Task brief
Below is a block of records; reproduce all of them exactly and leave out any pictures.

Records from a collection
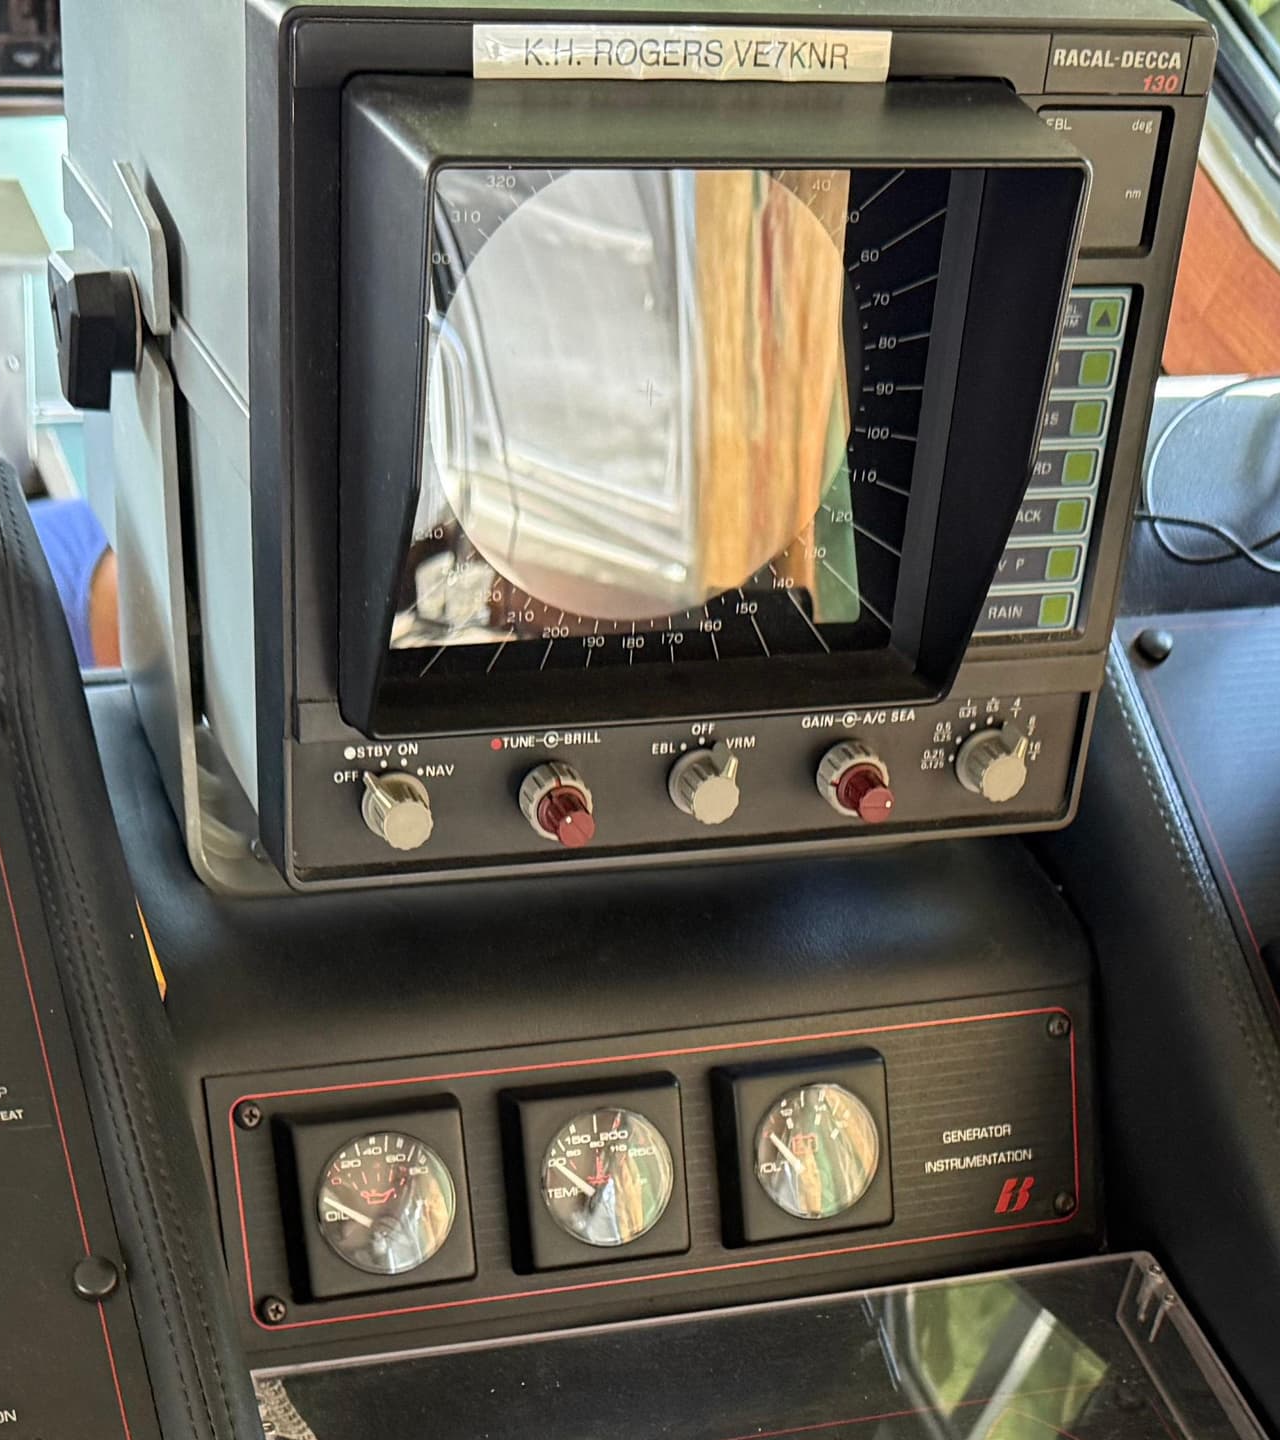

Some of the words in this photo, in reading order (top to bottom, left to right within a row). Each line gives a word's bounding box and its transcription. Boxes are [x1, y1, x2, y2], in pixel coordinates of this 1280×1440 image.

[524, 38, 582, 67] K.H.
[594, 39, 724, 68] ROGERS
[734, 40, 849, 70] VE7KNR
[1053, 48, 1182, 69] RACAL-DECCA
[1143, 74, 1179, 93] 130
[1132, 119, 1153, 134] deg
[1125, 189, 1141, 199] nm
[876, 383, 894, 395] 90
[988, 605, 1024, 620] RAIN
[802, 716, 834, 728] GAIN
[863, 712, 886, 724] A/C
[892, 710, 916, 722] SEA
[692, 723, 716, 735] OFF
[503, 736, 535, 749] TUNE
[565, 732, 601, 745] BRILL
[726, 737, 756, 749] VRM
[357, 744, 392, 758] STBY
[398, 743, 418, 756] ON
[652, 743, 675, 755] EBL
[334, 771, 358, 784] OFF
[426, 765, 454, 777] NAV
[943, 1124, 1011, 1144] GENERATOR
[925, 1149, 1033, 1174] INSTRUMENTATION
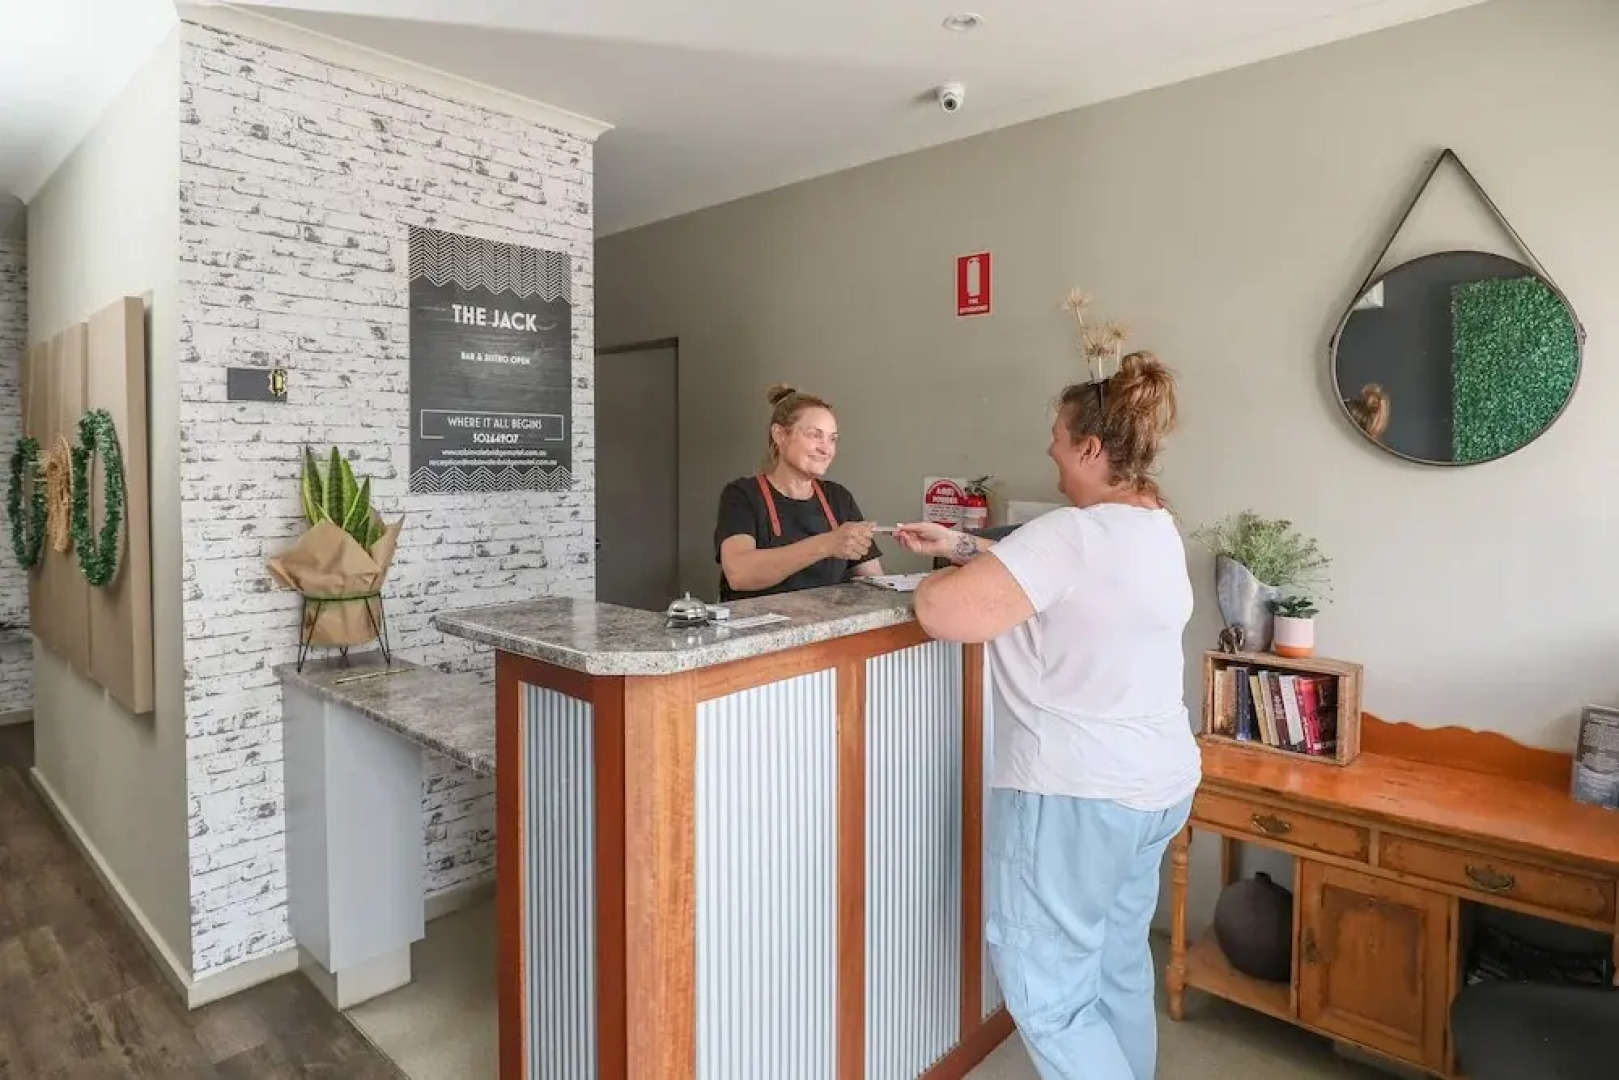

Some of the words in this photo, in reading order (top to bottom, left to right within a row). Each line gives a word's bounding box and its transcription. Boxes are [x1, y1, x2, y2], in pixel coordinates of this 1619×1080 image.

Answer to the exercise
Some of the words in this photo, in reading order (top to bottom, left to right within a row). Each line gives a word's bounding box and its transcription. Boxes are [x1, y1, x2, y2], in pixel coordinates of this 1280×1440 image.

[524, 38, 582, 67] K.H.
[594, 39, 724, 68] ROGERS
[734, 40, 849, 70] VE7KNR
[1053, 48, 1182, 69] RACAL-DECCA
[1143, 74, 1179, 93] 130
[1132, 119, 1153, 134] deg
[1125, 189, 1141, 199] nm
[876, 383, 894, 395] 90
[988, 605, 1024, 620] RAIN
[802, 716, 834, 728] GAIN
[863, 712, 886, 724] A/C
[892, 710, 916, 722] SEA
[692, 723, 716, 735] OFF
[503, 736, 535, 749] TUNE
[565, 732, 601, 745] BRILL
[726, 737, 756, 749] VRM
[357, 744, 392, 758] STBY
[398, 743, 418, 756] ON
[652, 743, 675, 755] EBL
[334, 771, 358, 784] OFF
[426, 765, 454, 777] NAV
[943, 1124, 1011, 1144] GENERATOR
[925, 1149, 1033, 1174] INSTRUMENTATION

Some of the words in this photo, in reading order (top to bottom, left to right within a row). Each line gives a word's bounding box and its transcription. Boxes are [x1, y1, x2, y2], in pixel coordinates of this 1619×1080 image.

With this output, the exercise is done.